Exhibit 6(b)
SUB-DISTRIBUTOR'S AGREEMENT
BETWEEN
XXXXXXXXXXX FUNDS DISTRIBUTOR, INC.
AND
MML INVESTORS SERVICES, INC.
Date: September 8, 1994
MML INVESTORS SERVICES, INC.
One Financial Plaza
0000 Xxxx Xxxxxx
Xxxxxxxxxxx, XX 00000-0000
XXXXXXXXXXX FUNDS DISTRIBUTOR, INC., a New York corporation ("OFDI")
acts as the distributor (the "Distributor") for the various series of
MassMutual Institutional Funds, a Massachusetts business trust, which is an
investment company registered under the Investment Company Act of 1940 (the
"Fund"), the various classes of shares of which have been registered under the
Securities Act of 1933 to be offered for sale to the public in a continuous
public offering in accordance with the terms and conditions set forth in the
Prospectus and Statement of Additional Information of such fund included in
such fund's Registration Statement, as it may be amended from time to time
(the "Fund Shares").
OFDI desires to have MML Investors Services, Inc. ("MMLISI") act as
OFDI's Sub-Distributor for the distribution and sale of Fund Shares. MMLISI
has advised OFDI that it is willing to act as its Sub-Distributor and Agent,
and it is accordingly agreed between us as follows:
1. MMLISI will act as Sub-Distributor for OFDI for the sale of Fund
Shares according to the terms set forth in the Registration Statement of the
Fund as such Registration Statement may be amended from time to time.
2. MMLISI's responsibilities as Sub-Distributor shall include, but
not be limited to, providing a nationwide system of sales personnel to promote
and otherwise wholesale sales of Fund Shares, providing a nationwide system of
service representatives to assist purchasers of Fund Shares, making qualified
personnel available, either in person, by phone or through the mail, to
respond to questions regarding Fund Shares asked by purchasers or prospective
purchasers of Fund Shares, and generally using its best efforts to sell Fund
Shares.
In addition MMLISI shall:
(a) process completed applications for the purchase of Fund Shares
submitted to it
by investors,
(b) process orders submitted to it by Fund shareholders for the
purchase of additional Fund Shares,
(c) promptly deliver to the Fund's transfer agent any and all
payments received by it and made in connection with orders for
Fund Shares (net of any applicable sales charge with respect to
such order as set forth in the Registration Statement)

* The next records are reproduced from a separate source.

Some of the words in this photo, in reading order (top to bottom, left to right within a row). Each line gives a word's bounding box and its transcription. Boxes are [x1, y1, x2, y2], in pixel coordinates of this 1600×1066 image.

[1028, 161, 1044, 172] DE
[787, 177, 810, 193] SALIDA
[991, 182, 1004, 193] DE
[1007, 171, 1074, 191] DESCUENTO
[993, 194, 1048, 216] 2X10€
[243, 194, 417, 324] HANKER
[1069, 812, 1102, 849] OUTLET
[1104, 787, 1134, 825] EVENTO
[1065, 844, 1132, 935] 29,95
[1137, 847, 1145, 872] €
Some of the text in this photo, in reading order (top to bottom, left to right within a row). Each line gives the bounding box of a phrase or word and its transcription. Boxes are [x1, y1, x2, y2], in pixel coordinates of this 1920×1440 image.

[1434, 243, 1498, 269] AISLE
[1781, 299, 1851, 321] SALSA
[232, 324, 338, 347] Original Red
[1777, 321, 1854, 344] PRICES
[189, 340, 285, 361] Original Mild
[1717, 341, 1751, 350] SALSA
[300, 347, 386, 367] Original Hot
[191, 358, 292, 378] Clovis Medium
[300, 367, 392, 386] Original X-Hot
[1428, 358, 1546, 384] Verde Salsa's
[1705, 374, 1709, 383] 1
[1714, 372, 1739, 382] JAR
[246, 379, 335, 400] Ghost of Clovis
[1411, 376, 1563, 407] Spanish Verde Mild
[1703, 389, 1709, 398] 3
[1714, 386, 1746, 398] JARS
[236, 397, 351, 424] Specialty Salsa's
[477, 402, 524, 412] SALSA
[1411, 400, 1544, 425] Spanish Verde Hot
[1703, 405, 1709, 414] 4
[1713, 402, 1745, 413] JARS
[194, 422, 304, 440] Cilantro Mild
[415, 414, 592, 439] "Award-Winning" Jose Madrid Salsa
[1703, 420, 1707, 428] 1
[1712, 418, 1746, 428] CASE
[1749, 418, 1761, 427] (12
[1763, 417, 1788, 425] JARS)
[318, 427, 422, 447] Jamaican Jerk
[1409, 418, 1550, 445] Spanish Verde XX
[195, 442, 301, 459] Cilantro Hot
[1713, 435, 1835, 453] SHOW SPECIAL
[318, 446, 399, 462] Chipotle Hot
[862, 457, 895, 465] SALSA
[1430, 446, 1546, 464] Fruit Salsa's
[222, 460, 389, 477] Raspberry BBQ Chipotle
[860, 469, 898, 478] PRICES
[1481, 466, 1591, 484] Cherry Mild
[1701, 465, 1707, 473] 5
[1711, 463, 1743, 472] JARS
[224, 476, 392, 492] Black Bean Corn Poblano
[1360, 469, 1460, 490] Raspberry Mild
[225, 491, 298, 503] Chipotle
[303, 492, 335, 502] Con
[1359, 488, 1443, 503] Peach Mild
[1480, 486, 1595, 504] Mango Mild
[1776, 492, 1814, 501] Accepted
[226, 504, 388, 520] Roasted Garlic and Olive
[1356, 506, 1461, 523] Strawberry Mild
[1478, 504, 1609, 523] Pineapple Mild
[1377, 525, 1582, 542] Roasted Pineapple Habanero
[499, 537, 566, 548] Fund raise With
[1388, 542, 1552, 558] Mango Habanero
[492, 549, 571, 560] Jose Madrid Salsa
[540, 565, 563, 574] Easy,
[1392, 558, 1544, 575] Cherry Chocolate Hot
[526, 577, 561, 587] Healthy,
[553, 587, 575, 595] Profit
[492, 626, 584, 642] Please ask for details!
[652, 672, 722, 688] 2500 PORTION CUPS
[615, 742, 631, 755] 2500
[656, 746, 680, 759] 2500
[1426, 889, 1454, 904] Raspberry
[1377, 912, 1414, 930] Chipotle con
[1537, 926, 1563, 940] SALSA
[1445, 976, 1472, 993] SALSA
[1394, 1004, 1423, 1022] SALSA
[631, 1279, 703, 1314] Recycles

accompanied, in the case of purchases by new investors, by
proper applications for the purchase of Fund Shares. Purchase
orders shall be deemed effective at the time and in the manner
set forth in the Registration Statement,
(d) keep available for prospective investors reasonable quantities
of the Fund's Prospectus relating to Fund Shares, Statement of
Additional Information, annual and semi-annual reports of the
Fund, applications for the purchase of Fund Shares and other
similar materials (including materials relating to the use of
Fund Shares as a funding medium for qualified plans), and shall
provide prospective investors with copies of such documents and
materials upon request, and
(e) prepare and distribute sales literature and advertising material
pertaining to the Fund, as approved by OFDI, in such quantities
and of such a nature as may reasonably support its best efforts
to sell Fund Shares. It shall use its best efforts to assure
that such sales literature and advertising materials comply with
applicable laws and regulations, and shall promptly furnish to
OFDI, for OFDI's approval and filing with the National
Association of Securities Dealers, Inc., any proposed sales
literature or advertising materials relating to or referring to
the Fund or Fund Shares.
3. MMLISI will receive no compensation from OFDI for the sale of Fund
Shares except as may otherwise be agreed to by OFDI and MMLISI as set forth on
Exhibit A attached hereto as from time to time amended. OFDI shall not be
responsible for paying any of the costs associated with MMLISI's performance
of its duties hereunder or with the sale of the Fund Shares to the public by
MMLISI.
4. This Agreement may not be amended or changed except in writing and
shall be binding upon and inure to the benefit of the parties hereto and their
respective successors. This Agreement shall not be assigned by either party
and shall terminate automatically upon assignment. This Agreement may be
terminated by either party at any time, without penalty, by giving not less
than 60 days' written notice (which notice may be waived). In addition, OFDI
may terminate this agreement with respect to the Fund immediately upon notice
if OFDI should cease to act as Distributor of the Fund. Unless earlier
terminated, this Agreement shall remain in effect until September 8, 1996, and
shall continue from year to year thereafter unless terminated by either party
as described above.
5. In connection with the distribution of Fund Shares, MMLISI agrees
to be bound by Sections 8, 9(b), 9(c) & 9(d) of the General Distributor's
Agreement by and between OFDI and the Fund, as amended from time to time.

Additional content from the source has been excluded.